TASK REQUIREMENTS ▸ An exact transcription of every entry is required, with the images left out.
◆ ◆ ◆ ◆ ◆
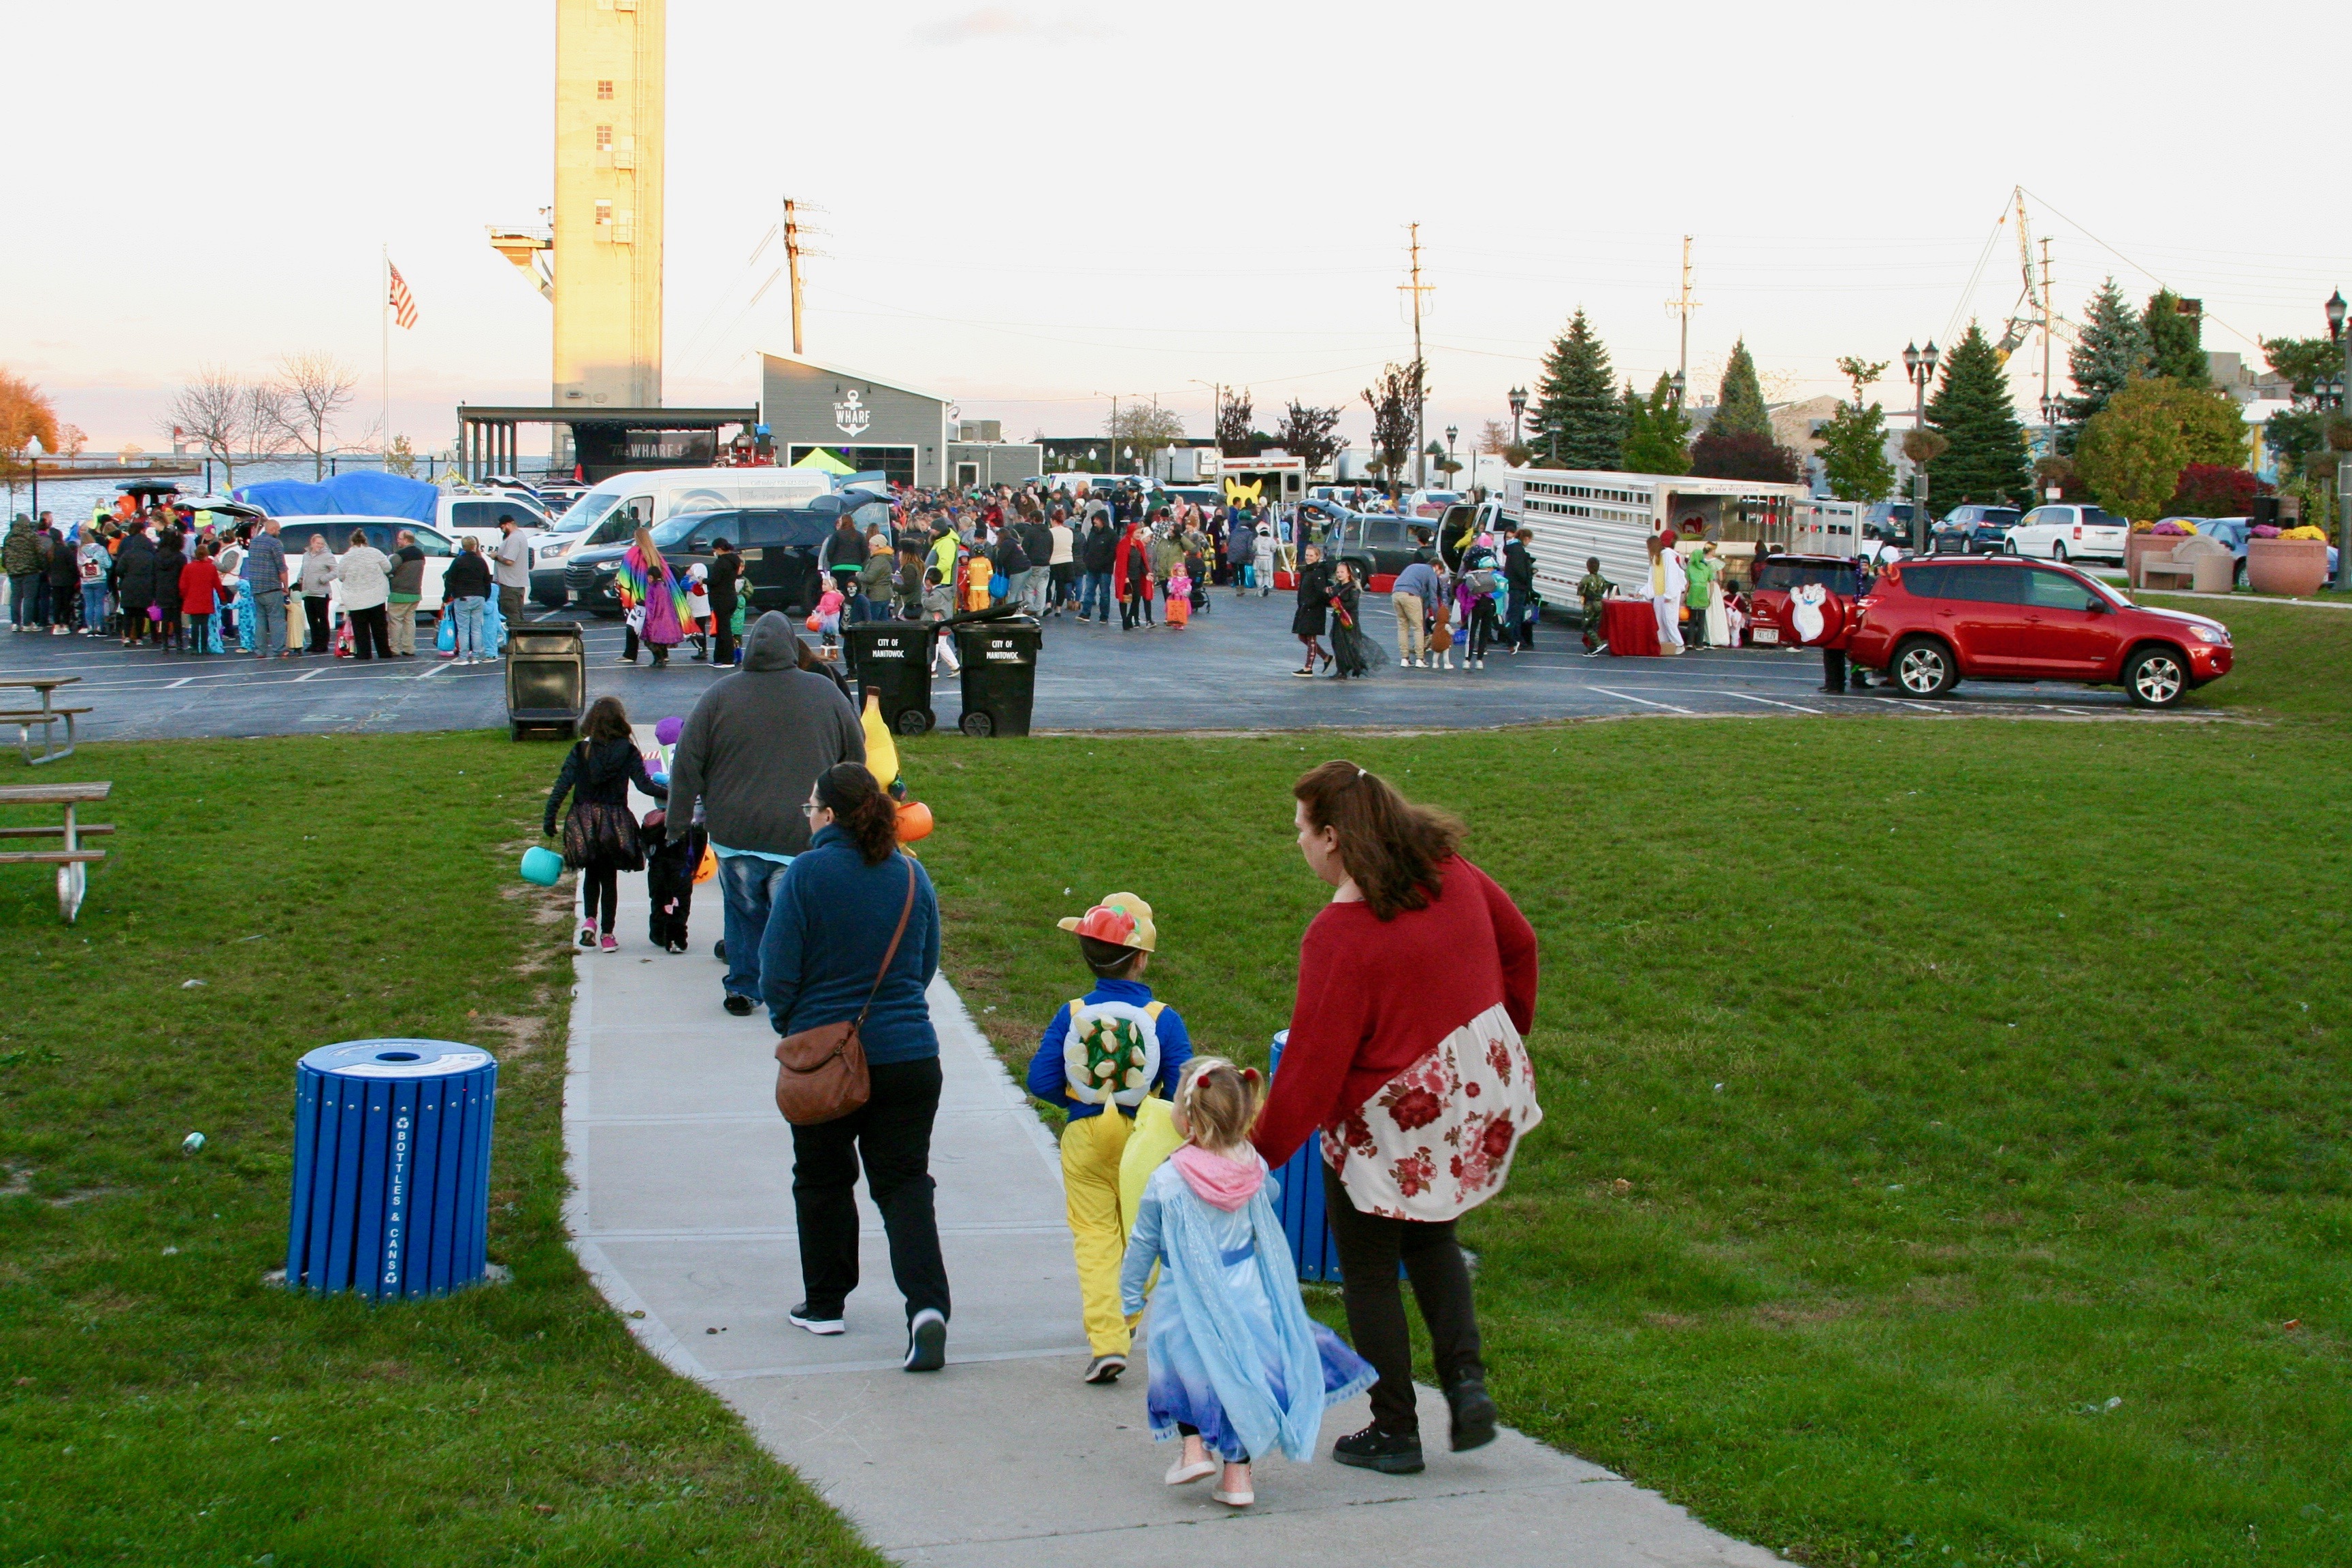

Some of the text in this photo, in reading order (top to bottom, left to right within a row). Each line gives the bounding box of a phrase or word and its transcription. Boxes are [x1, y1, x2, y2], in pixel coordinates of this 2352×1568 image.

[836, 410, 870, 423] WHARF
[608, 444, 674, 457] The WHARF
[877, 638, 899, 647] CITY OF
[992, 640, 1013, 649] CITY OF
[872, 649, 904, 658] MANITOWOC
[986, 651, 1019, 659] MANITOWOC
[388, 1131, 406, 1270] BOTTLES & CANS
◆ ◆ ◆ ◆ ◆
THE ANSWER ▸
Some of the text in this photo, in reading order (top to bottom, left to right within a row). Each line gives the bounding box of a phrase or word and its transcription. Boxes are [x1, y1, x2, y2], in pixel coordinates of this 2352×1568 image.

[836, 410, 870, 423] WHARF
[608, 444, 674, 457] The WHARF
[877, 638, 899, 647] CITY OF
[992, 640, 1013, 649] CITY OF
[872, 649, 904, 658] MANITOWOC
[986, 651, 1019, 659] MANITOWOC
[388, 1131, 406, 1270] BOTTLES & CANS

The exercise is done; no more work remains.